Mar 21, 2019
Press Release
WASHINGTON, D.C. – U.S. Reps. Diana DeGette (D-CO) and Tom Reed (R-NY), the
co-chairs of the Congressional Diabetes Caucus, introduced legislation today to
expand access to a Medicare program that teaches patients with diabetes how to
best manage their diabetes and cope with its effects.
Diabetes
self-management trainings, or DSMTs, teach Medicare beneficiaries how to manage
their glucose, eat healthy, manage their insulin levels, and improve their
overall wellbeing. While 27 percent of Medicare beneficiaries currently have diabetes
- less than five percent of newly diagnosed beneficiaries enroll in one of
these self-management class.
“Diabetes is a complex
disease and teaching newly diagnosed patients how to best care for themselves
is crucial to their overall wellbeing,” DeGette said. “Medicare provides its
beneficiaries a free training course to teach them how to best cope with the
effects of their diabetes. But, while this program teaches patients how to eat
well, exercise, monitor blood glucose levels and manage medications, only a
small percentage of the Medicare beneficiaries who have diabetes are taking
advantage of it.
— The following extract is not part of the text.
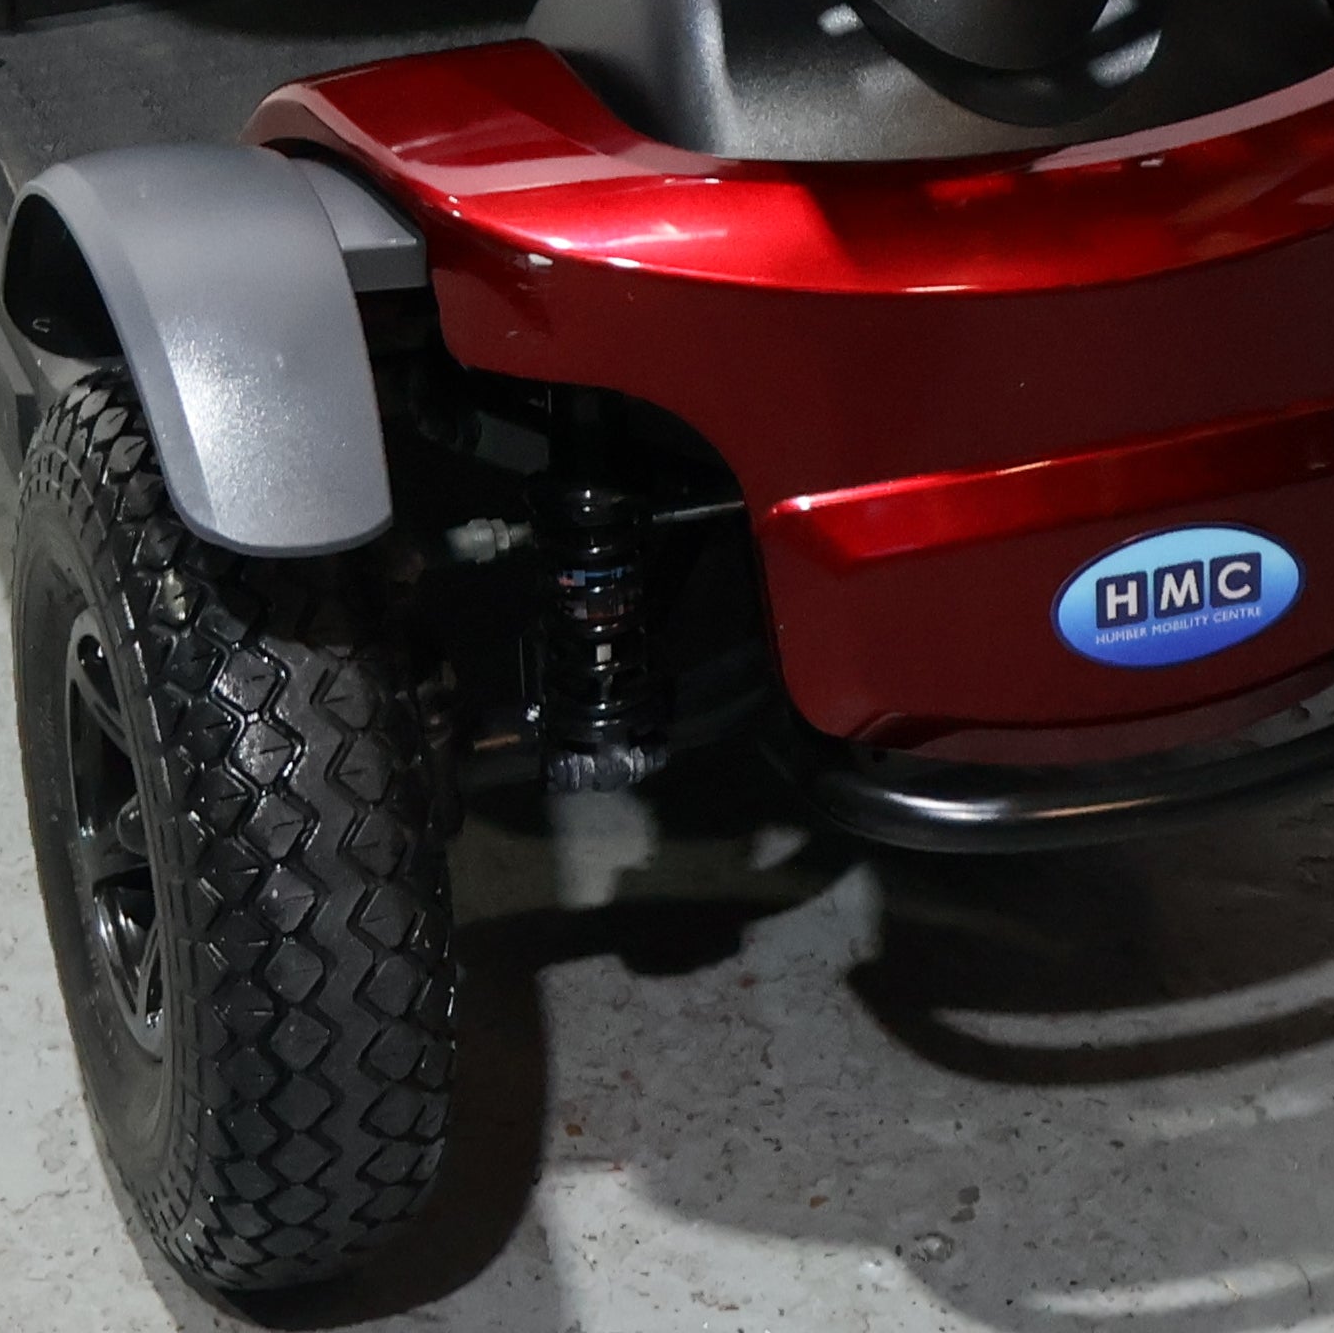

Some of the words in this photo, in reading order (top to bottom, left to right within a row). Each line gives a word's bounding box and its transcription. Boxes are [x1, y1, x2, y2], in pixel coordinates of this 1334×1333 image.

This bill seeks to change that by expanding the program and
making it more accessible to the millions of Medicare beneficiaries who are
currently living with this disease.”
The bill seeks to
increase patients’ use of these self-management trainings by making more
classes available in more locations, and making them free for Medicare
beneficiaries.
Specifically, the bill
would:
·
Allow Medicare to provide diabetes self-management classes in
outpatient and community-based locations
·
Eliminates the 20% co-pay for patients, making the classes
completely free for Medicare beneficiaries.
·
Increasing from 10 to 16 the number of training hours Medicare
will provide to newly-diagnosed patients in the first year.
·
Increasing from two to six the number of follow-up training
hours Medicare will provide patients every year.
The bill has the support of the American
Diabetes Association, American Association of Diabetes Educators, Academy of
Nutrition and Dietics, National Council on Aging and Novo Nordisk.